Opposing this entire operation to bolster Australia’s capitalist state, the SEP campaigned for an active boycott of the referendum. We urged workers and youth to reject both the Yes and No camps, which each conducted the referendum on a racially-divisive basis. Both vowed to cut, not increase, spending on indigenous social programs.
The overwhelming defeat of the referendum was not, as Yes proponents poisonously insisted, the result of widespread racism and hostility to Aboriginal and Torres Strait Islander people. Rather, it was the outcome of the widening class divide, above all between the affluent inner-city areas of the country, where Yes votes were concentrated, and the outer suburban working-class suburbs, where people—including the majority of the indigenous population—are experiencing an insufferable cost-of-living and housing affordability crisis.
In the working-class areas, the claims by the government and the big business Yes23 campaign that the establishment of a Voice assembly inside the parliamentary and governmental apparatus would lead to “better outcomes” for indigenous people were no more believable than the Labor government’s now discredited May 2022 election slogan promising a “better future.”
There was also widespread scepticism, notably among indigenous working-class people, that the proposed Voice institution would do any more to address their disadvantage than any of the previous such promises—from land rights to official apologies for the “Stolen Generations” of Aboriginal children forcibly separated from their families.
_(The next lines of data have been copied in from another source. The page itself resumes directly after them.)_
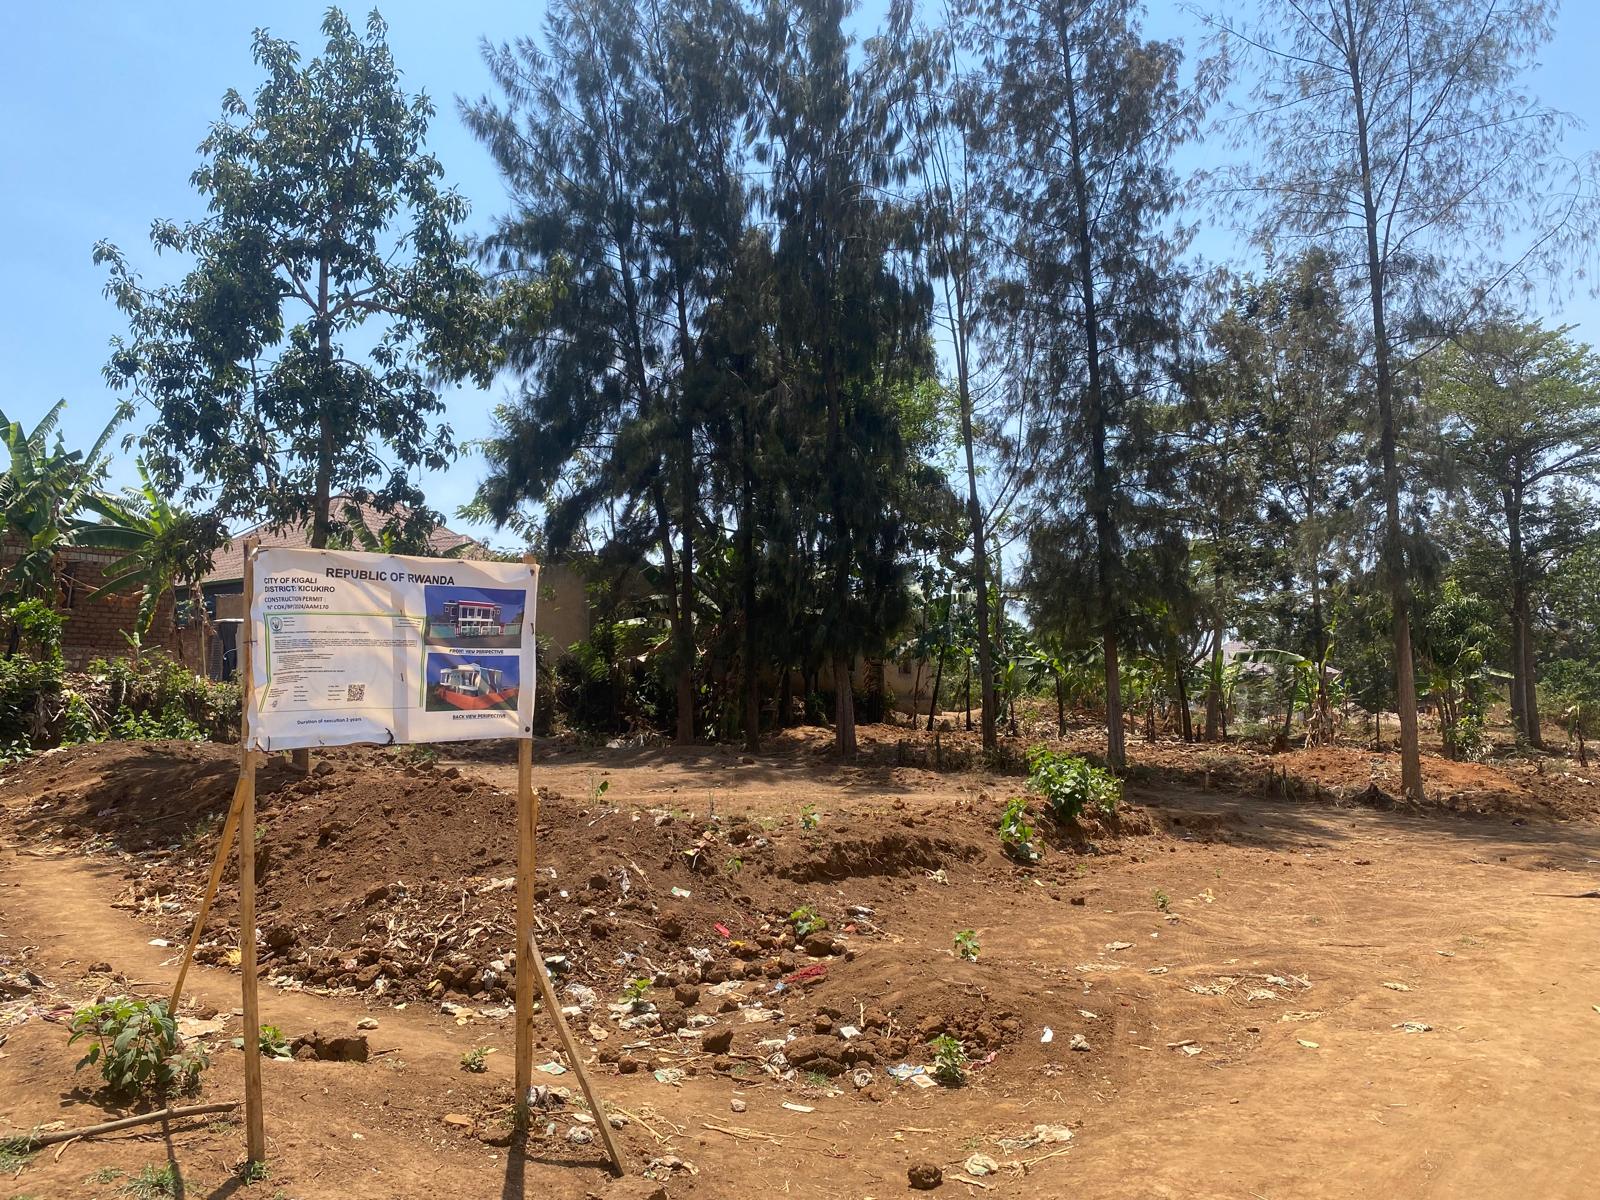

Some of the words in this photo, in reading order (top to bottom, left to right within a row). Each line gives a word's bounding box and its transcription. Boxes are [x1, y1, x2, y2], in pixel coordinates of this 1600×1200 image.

[325, 567, 387, 581] REPUBLIC
[390, 572, 405, 582] OF
[407, 573, 455, 586] RWANDA
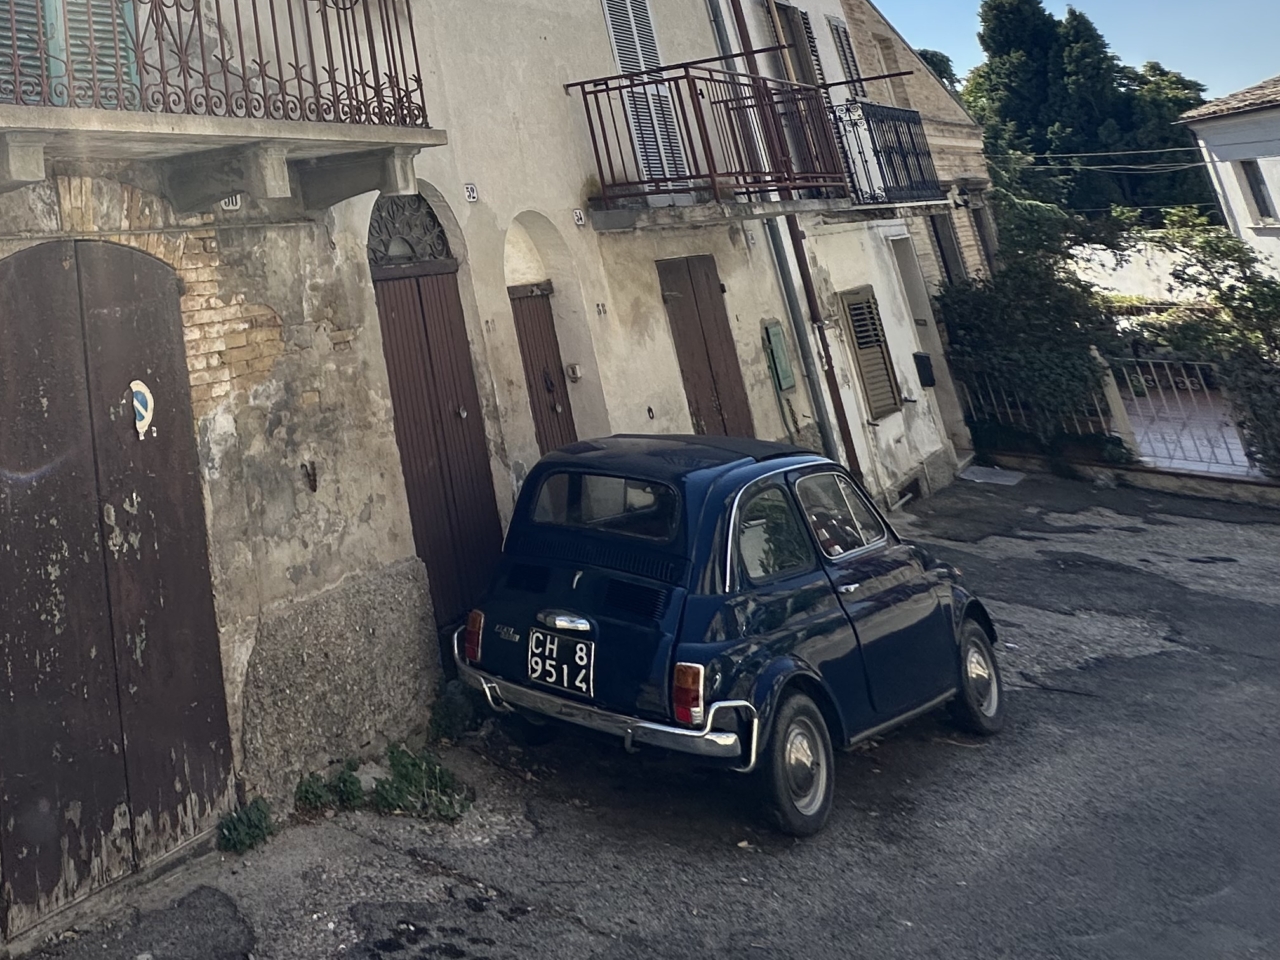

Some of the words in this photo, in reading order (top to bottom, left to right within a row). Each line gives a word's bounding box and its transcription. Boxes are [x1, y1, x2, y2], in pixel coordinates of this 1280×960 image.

[465, 186, 476, 200] 52
[531, 632, 558, 658] CH
[575, 643, 588, 666] 8
[531, 657, 587, 692] 9514
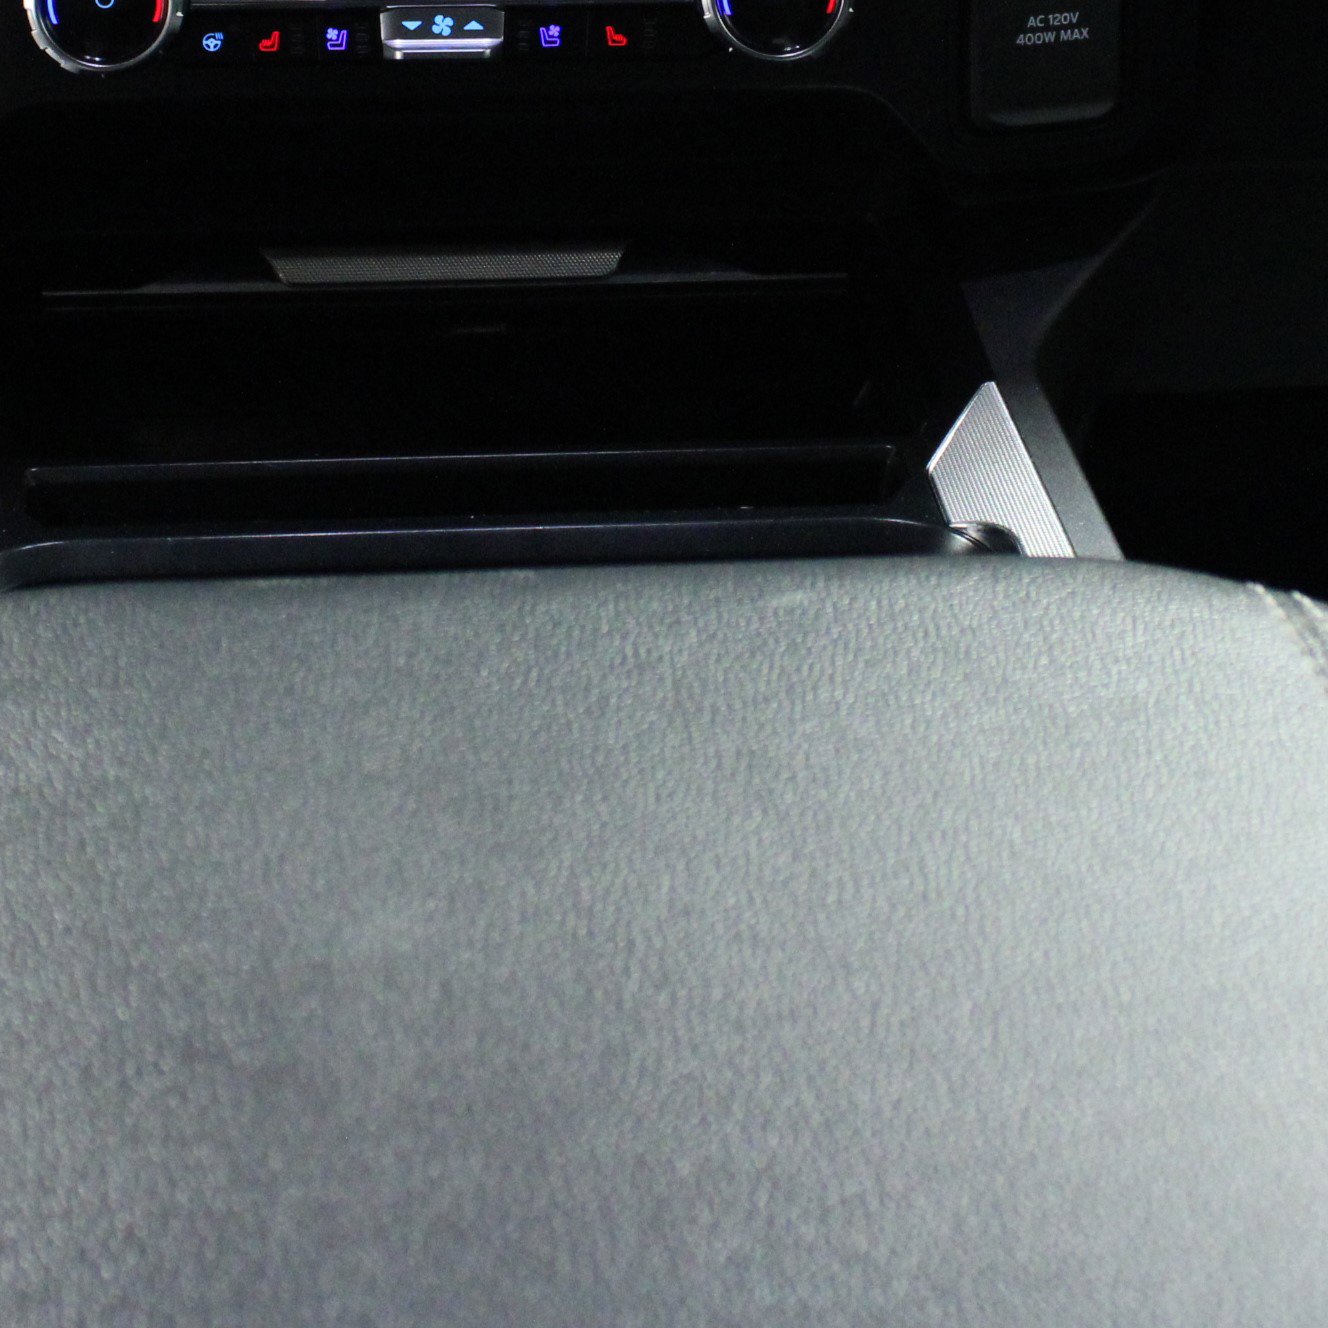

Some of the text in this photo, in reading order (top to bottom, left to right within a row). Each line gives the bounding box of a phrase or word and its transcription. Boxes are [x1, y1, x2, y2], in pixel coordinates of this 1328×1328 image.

[1026, 11, 1080, 29] AC 120V
[1015, 27, 1090, 46] 400W MAX
The SEP campaign advanced the fight for an independent road for the whole working class, indigenous and non-indigenous alike, against the root cause of oppression and war, which lies in the capitalist profit system itself, as the bloody history demonstrates. The deepening discontent throughout the working class must be transformed into a conscious movement, as part of the global struggle against capitalism, for socialism, based on human need, not corporate profit. That is the only way to answer and redress the historic crimes recorded by Marr and others.